Can British Columbia´s online gambling be expanded

News on 5 Jan 2010

Under the Canadian Criminal Code, only provincial governments have the power to conduct Internet gambling, and the British Columbia government is being urged to exercise this authority in a non-exclusive manner to ensure that Canadian punters are presented with only reputable and safe Internet gambling venues.
As far back as the third quarter of 2009 the Interactive Gaming Council, a Vancouver-based trade association looking after the interests of major and reputable online gambling operators, was lobbying BC politicians to extend government-only online gambling to reputable private companies in a strictly regulated but international system.
Earlier in 2009 the British Columbia Lottery Corporation had announced it would be adding “casino-style games such as blackjack, roulette and poker” to its PlayNow.com online lottery website .

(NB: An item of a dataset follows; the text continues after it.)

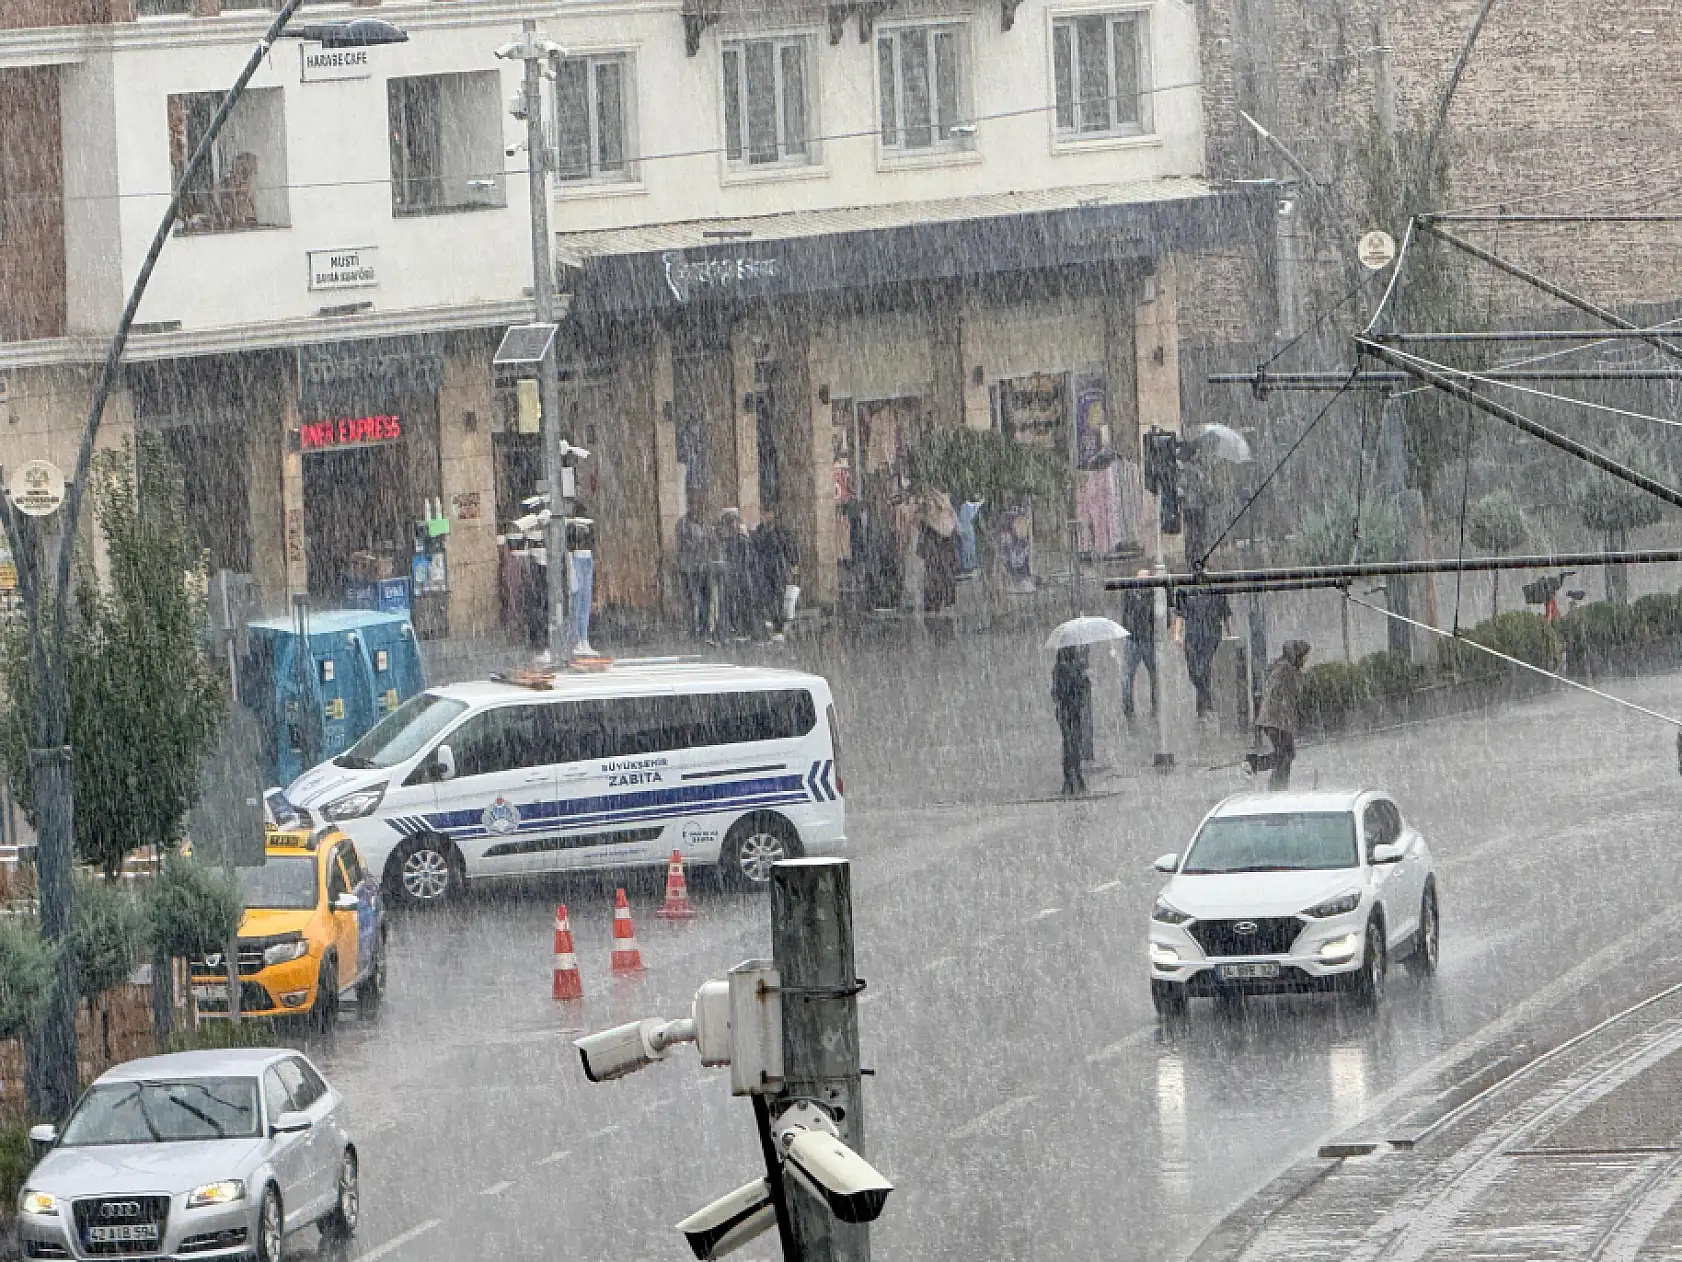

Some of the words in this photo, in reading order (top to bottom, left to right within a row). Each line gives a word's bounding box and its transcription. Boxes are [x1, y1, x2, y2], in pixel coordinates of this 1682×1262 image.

[345, 51, 367, 66] CAFE
[337, 415, 401, 444] EXPRESS
[608, 772, 663, 788] ZABITA

At the time, John Kennedy FitzGerald, CEO of the Interactive Gaming Council said, “Like the B.C. Government, the IGC recognizes there are online gaming companies that operate out of poorly regulated jurisdictions.
“However, IGC members are licensed and strictly regulated in jurisdictions like the Isle of Man, Gibraltar and Alderney, which are recognized by the United Kingdom as having the highest regulatory standards in the world. Some of these jurisdictions have been involved with regulating online gaming for nearly a decade.”
Fitzgerald went on to offer the IGC’s assistance in framing effective BC online gambling regulations that did not conflict with proven standards and measures developed elsewhere to “enhance consumer protection and provide additional tax revenue opportunities for the government.”
The issue surfaced again last week in an article in the Canadian publication The Public Eye which was republished in other BC media. The article reprises the previous moves by the government and the IGC, repeating the trade association’s warning that there could be trouble if the government kept its [online lottery] monopoly and just added casino-style games to the British Columbia Lottery Corporation’s website.
The province would also lose all the revenue benefits of an “open regulated market,” while “wasting enforcement resources in a fruitless attempt” to “censor” private gambling websites.
And it would “excessively empower” the lottery corporation “making enforcement activities virtually impossible (improbable that government would shut down its only supplier).
The Public Eye reports that the IGC submission, according to an internal email authored by BCLC’s president and chief executive officer Michael Graydon, “…caught the attention of the [provincial] Standing Committee because of the revenue opportunity.”
But a briefing note prepared for gaming minister Rich Coleman stated the IGC’s “proposed model” couldn’t be “authorized under the current gaming provisions of the federal Criminal Code.”
The Public Eye report notes that a meeting between the IGC’s Fitzgerald and BCLC’s Graydon schediuled for October 2009 was subsequently cancelled at the request of the former, who pleaded that he needed to “attend to matters here in Ontario unrelated to the IGC.”
But a second briefing note prepared for the gaming minister in advance of that aborted conversation included a section detailing “Options for Private Sector Involvement in Online Gaming in BC.”
The Public Eye notes that the question of whether the BC government will entertain the idea of opening casino-style online gaming beyond the confines of its own lottery corporation therefore remains open.
“It’s an unanswered question as to whether the Campbell administration will exercise any of those [IGC] options….which were blanked out by government before being released in response to a freedom of information request,” the Public Eye observes.